Monocolumn

A daily bulletin of news & opinion

29 July 2013

Last week, Barack Obama nominated a member of American political royalty to the top echelons of US diplomacy. Caroline Kennedy, a lawyer and author with no background in foreign affairs and no experience with Japan, will likely become America’s next ambassador to said country.

The choice brings to the fore America’s bizarre and time-honoured tradition, one in which they are alone among major democratic powers, of routinely giving key diplomatic posts to the president’s political donors, friends and supporters. By all accounts, Ms Kennedy is a kind and competent woman. Yet she was chosen solely because of her role as an early supporter of the current president and her social status as the daughter of a former one – neither of which indicate a promising term as emissary to one of America’s most important allies.

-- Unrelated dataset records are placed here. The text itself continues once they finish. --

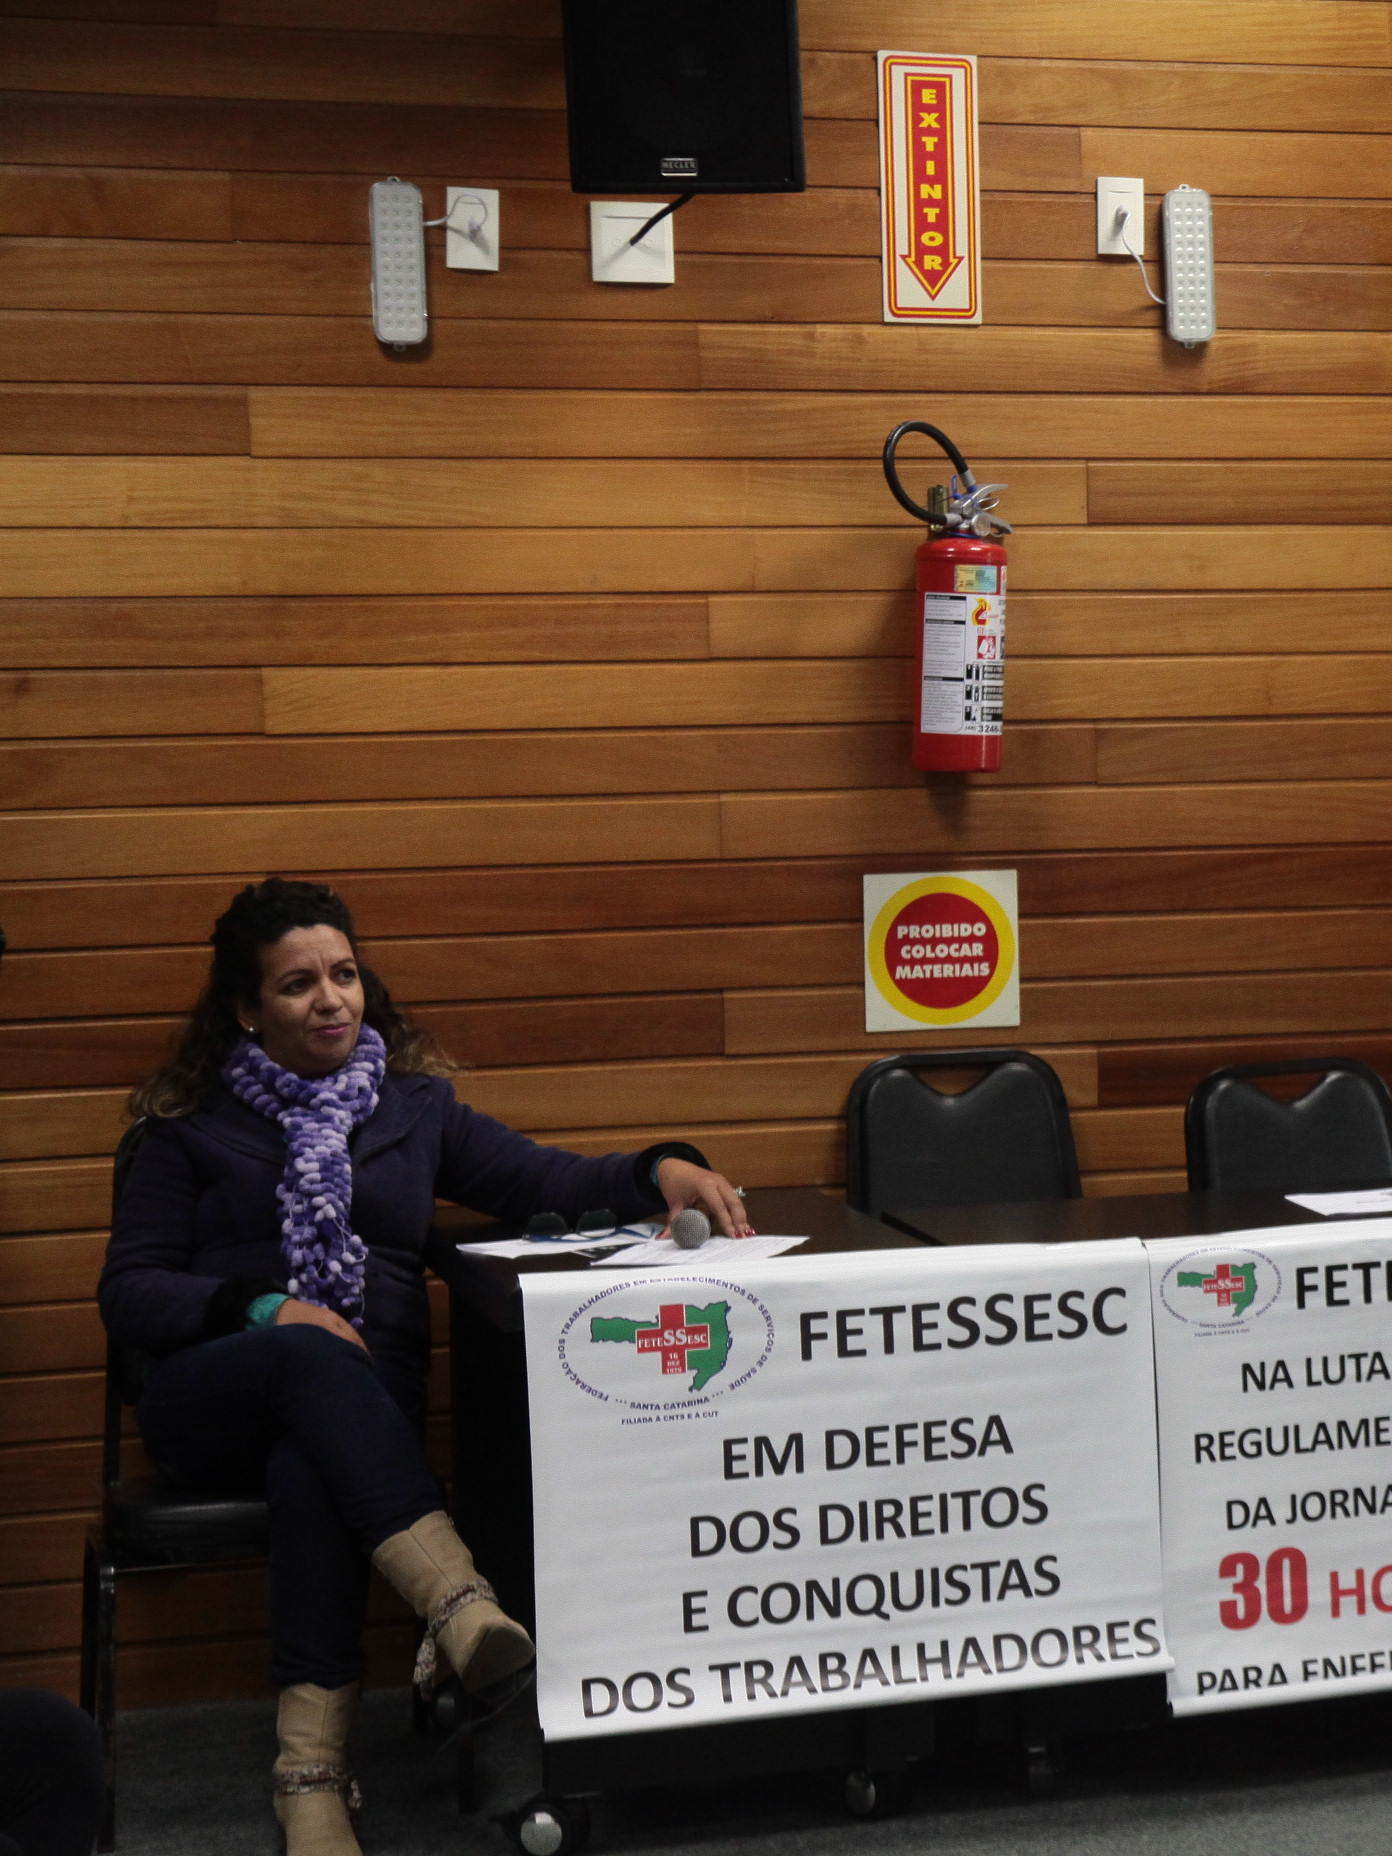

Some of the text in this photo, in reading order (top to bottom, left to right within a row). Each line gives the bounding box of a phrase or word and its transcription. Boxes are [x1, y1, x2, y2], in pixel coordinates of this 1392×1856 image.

[918, 88, 944, 271] EXTINTOR
[897, 922, 986, 939] PROIBIDO
[900, 943, 984, 959] COLOCAR
[895, 962, 990, 980] MATERIAIS
[561, 1282, 631, 1335] TRABALHADORES
[747, 1293, 758, 1305] DE
[638, 1328, 707, 1349] FETESSESC
[800, 1287, 1128, 1361] FETESSESC
[558, 1338, 566, 1360] DOS
[757, 1354, 768, 1368] DE
[1241, 1360, 1294, 1393] NA
[1305, 1351, 1390, 1387] LUTA
[630, 1396, 710, 1411] SANTA CATARINA
[621, 1417, 653, 1425] FILIADA
[722, 1414, 1014, 1480] EM DEFESA
[690, 1482, 1049, 1558] DOS DIREITOS
[1226, 1499, 1275, 1530] DA
[682, 1554, 1061, 1634] E CONQUISTAS
[1218, 1547, 1308, 1631] 30
[581, 1616, 1162, 1719] DOS TRABALHADORES

It's precisely this unsavoury I-scratch-your-back status quo that boils the blood of career officers in America's diplomatic corps, the foreign service. Pity the professional diplomat. Imagine a young Army officer instead, highly educated and talented with all of the ambition in the world, climbing slowly up the ranks, manoeuvring the military bureaucracy with skill and finesse over decades, only to be told by superiors near the peak of his or her career: "Well, this certainly is awkward, but I’ve just given US Central Command to my golfing buddy. You know how it is…"

Absurd, of course. A professional class of highly capable individuals exists to fill such roles. And yet this is precisely what happens at the State Department. Why? The skills of diplomacy are no less complex, the daily workload no less demanding, the job no less critical to the nation's wellbeing. For an American president to believe otherwise is a sad commentary on the lack of seriousness with which diplomacy is viewed.

It is a real profession. It is an exceedingly complex art. Scholars have written thick textbooks on the subject. Throughout the ages, highly clever practitioners have prevented wars and forged alliances. To assume that a fundraiser – competency notwithstanding, a de facto "person plucked from the street" vis-à-vis foreign affairs – can simply do diplomacy is shortsighted in the extreme.

Yet in recent years, continuing a tradition that began long ago, the administration has nominated more than 20 ambassadors who have raised at least half a million dollars for the president's political campaigns. Businessman Matthew Barzun was given the keys to the US embassy in Sweden as a reward for raising $700m (€525m) for Obama’s electoral coffers. He’ll now be America’s ambassador to the Court of St James. A television executive will soon oversee American interests in Madrid, a lawyer is looking forward to la dolce vita in Rome, a fund manager will be America's man in Germany and an heiress may soon be off to Paris.

What message does this send out about the US as a meritocracy when the people who represent the country overseas purchased the posts through backslaps and cash? Diplomacy should be a profession, not a reward. That said: if the administration is reading this, I’m ready and able to serve; all enquiries to dg@monocle.com.

Daniel Giacopelli is a producer at Monocle 24.